● **Work required**
Since pictures are not wanted in the copy, output only the rest of each record exactly.

● **Given records**
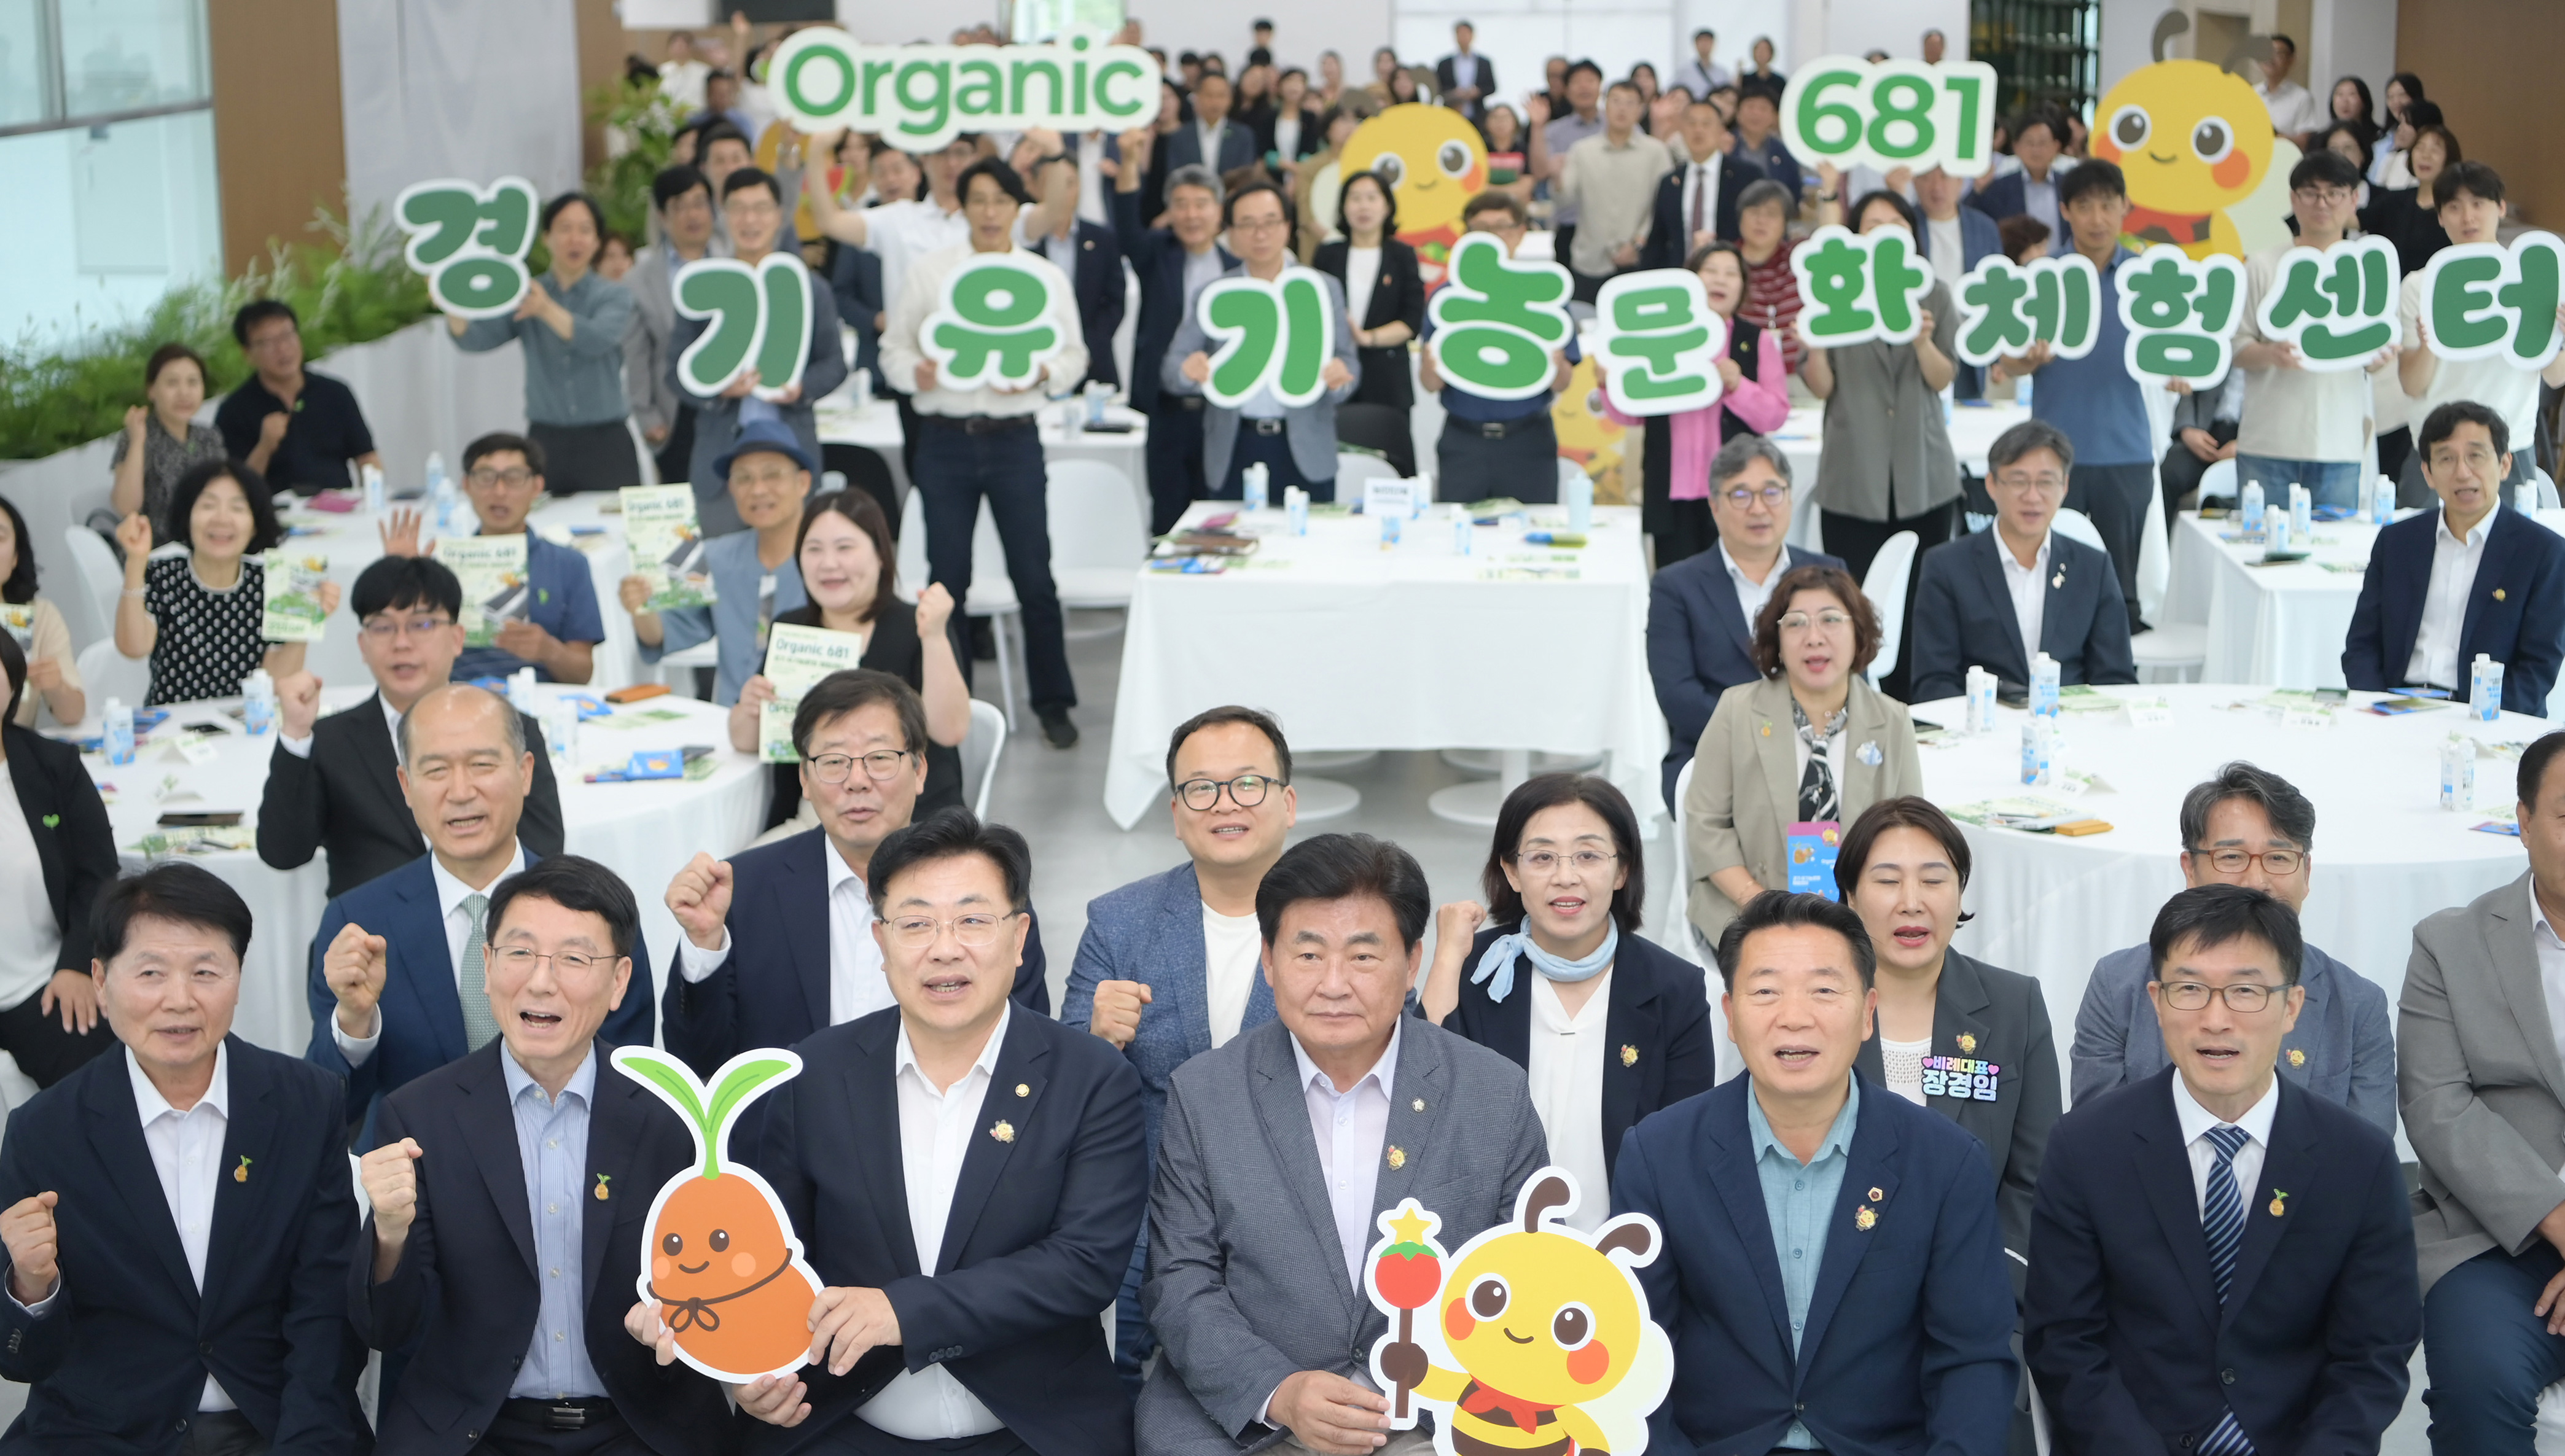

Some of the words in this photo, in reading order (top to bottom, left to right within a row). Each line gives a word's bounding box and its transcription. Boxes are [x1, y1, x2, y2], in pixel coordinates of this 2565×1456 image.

[785, 36, 1144, 135] Organic
[1797, 70, 1981, 160] 681
[405, 188, 528, 308] 경
[1803, 237, 1924, 337] 화
[2431, 244, 2560, 359] 터
[681, 264, 804, 388] 기
[934, 267, 1055, 378] 유
[1209, 278, 1324, 397] 기
[1439, 241, 1565, 390] 농
[1609, 286, 1709, 400] 문
[1964, 267, 2091, 355] 체
[2126, 258, 2236, 378] 험
[2269, 249, 2392, 360] 센
[776, 638, 822, 656] Organic
[827, 644, 849, 659] 681
[1922, 1069, 1998, 1102] 장경임
[1932, 1055, 1989, 1075] 비례대표
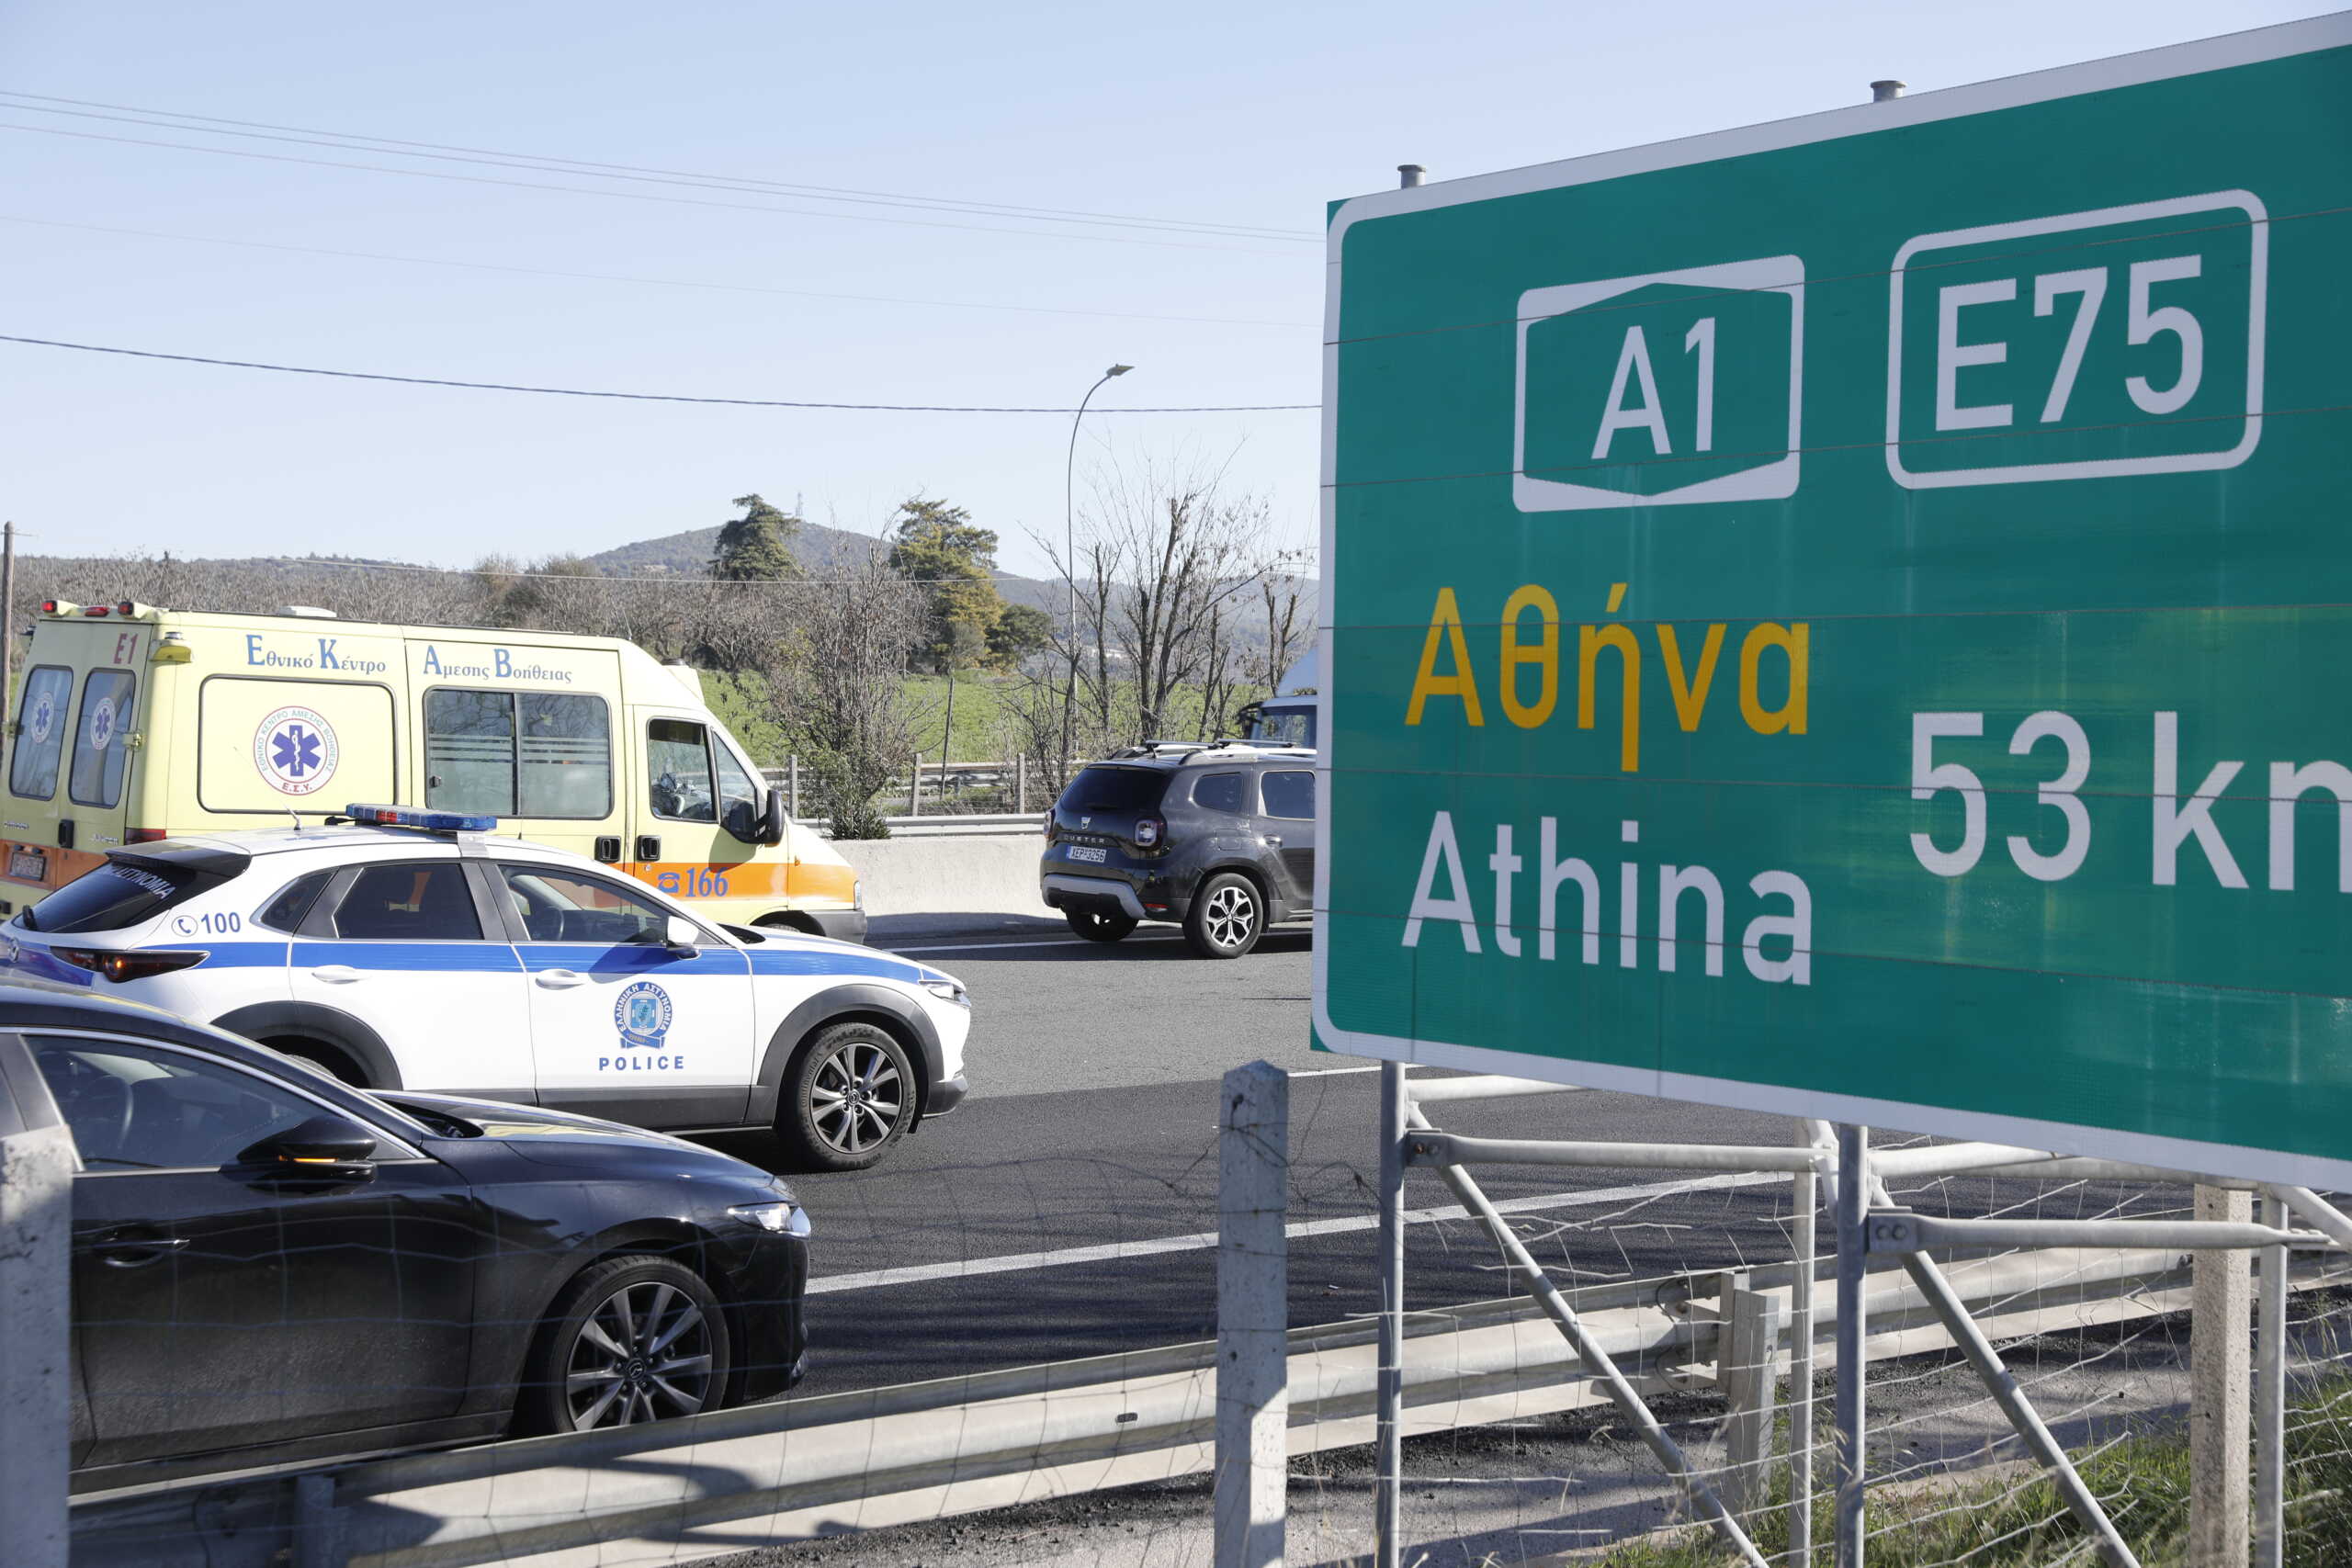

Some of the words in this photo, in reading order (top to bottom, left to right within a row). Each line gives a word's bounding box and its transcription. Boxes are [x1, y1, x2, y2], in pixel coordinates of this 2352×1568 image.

[1936, 255, 2202, 432] E75
[1591, 317, 1715, 459] A1
[113, 633, 139, 664] E1
[245, 634, 314, 668] Εθνικό
[318, 638, 387, 675] Κέντρο
[493, 649, 572, 683] Βοήθειας
[1406, 583, 1809, 773] Αθήνα
[1911, 711, 2090, 882] 53
[685, 867, 729, 897] 166
[1402, 811, 1812, 986] Athina
[200, 912, 241, 933] 100
[616, 984, 639, 1032] ΕΛΛΗΝΙΚΗ
[643, 982, 672, 1031] ΑΣΤΥΝΟΜΙΑ
[598, 1055, 684, 1071] POLICE

● **Exercise output**
Some of the words in this photo, in reading order (top to bottom, left to right within a row). Each line gives a word's bounding box and its transcription. Boxes are [x1, y1, x2, y2], in pixel coordinates of this 2565×1456 image.

[785, 36, 1144, 135] Organic
[1797, 70, 1981, 160] 681
[405, 188, 528, 308] 경
[1803, 237, 1924, 337] 화
[2431, 244, 2560, 359] 터
[681, 264, 804, 388] 기
[934, 267, 1055, 378] 유
[1209, 278, 1324, 397] 기
[1439, 241, 1565, 390] 농
[1609, 286, 1709, 400] 문
[1964, 267, 2091, 355] 체
[2126, 258, 2236, 378] 험
[2269, 249, 2392, 360] 센
[776, 638, 822, 656] Organic
[827, 644, 849, 659] 681
[1922, 1069, 1998, 1102] 장경임
[1932, 1055, 1989, 1075] 비례대표

Some of the words in this photo, in reading order (top to bottom, left to right within a row). Each line gives a word's bounding box and its transcription. Boxes are [x1, y1, x2, y2], in pixel coordinates of this 2352×1568 image.

[1936, 255, 2202, 432] E75
[1591, 317, 1715, 459] A1
[113, 633, 139, 664] E1
[245, 634, 314, 668] Εθνικό
[318, 638, 387, 675] Κέντρο
[493, 649, 572, 683] Βοήθειας
[1406, 583, 1809, 773] Αθήνα
[1911, 711, 2090, 882] 53
[685, 867, 729, 897] 166
[1402, 811, 1812, 986] Athina
[200, 912, 241, 933] 100
[616, 984, 639, 1032] ΕΛΛΗΝΙΚΗ
[643, 982, 672, 1031] ΑΣΤΥΝΟΜΙΑ
[598, 1055, 684, 1071] POLICE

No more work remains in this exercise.